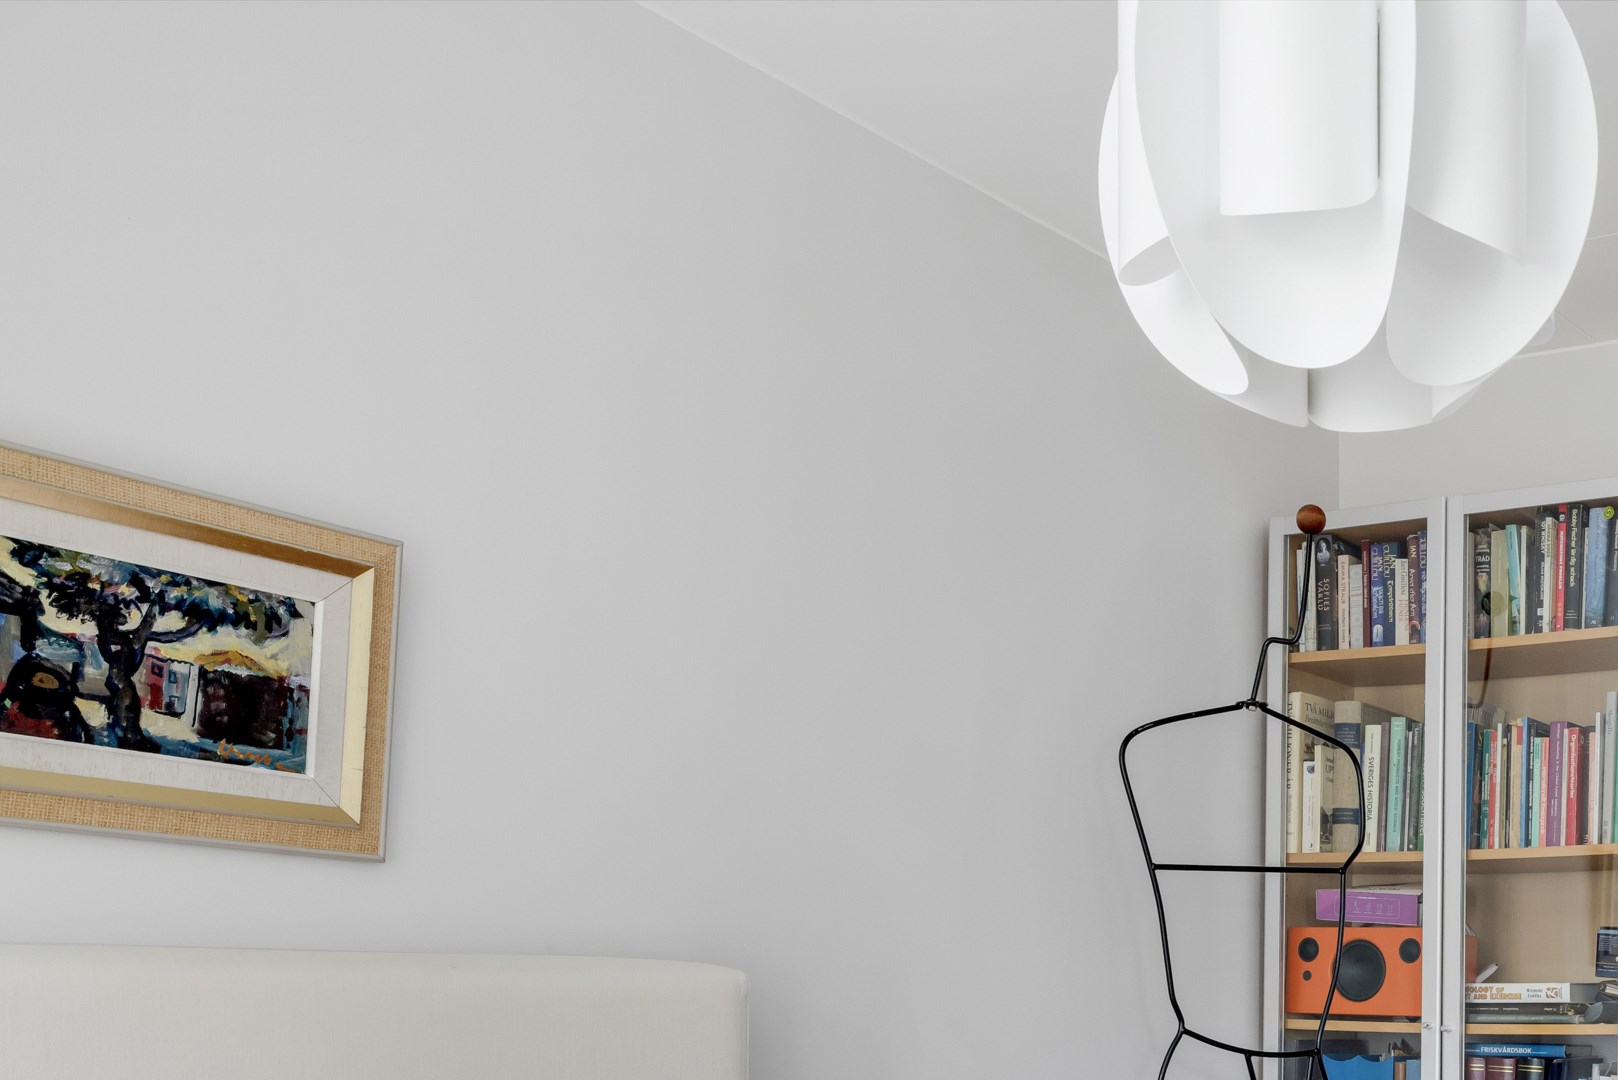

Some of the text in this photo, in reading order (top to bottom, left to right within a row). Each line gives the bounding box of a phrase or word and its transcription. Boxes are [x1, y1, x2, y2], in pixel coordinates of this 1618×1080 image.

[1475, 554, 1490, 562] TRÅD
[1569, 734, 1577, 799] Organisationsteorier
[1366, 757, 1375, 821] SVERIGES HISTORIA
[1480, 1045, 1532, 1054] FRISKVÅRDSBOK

Problem requirements:
Everything in the material goes into the copy exactly, except the images.

Solution to the problem:
Some of the text in this photo, in reading order (top to bottom, left to right within a row). Each line gives the bounding box of a phrase or word and its transcription. Boxes are [x1, y1, x2, y2], in pixel coordinates of this 1618×1080 image.

[1475, 554, 1490, 562] TRÅD
[1569, 734, 1577, 799] Organisationsteorier
[1366, 757, 1375, 821] SVERIGES HISTORIA
[1480, 1045, 1532, 1054] FRISKVÅRDSBOK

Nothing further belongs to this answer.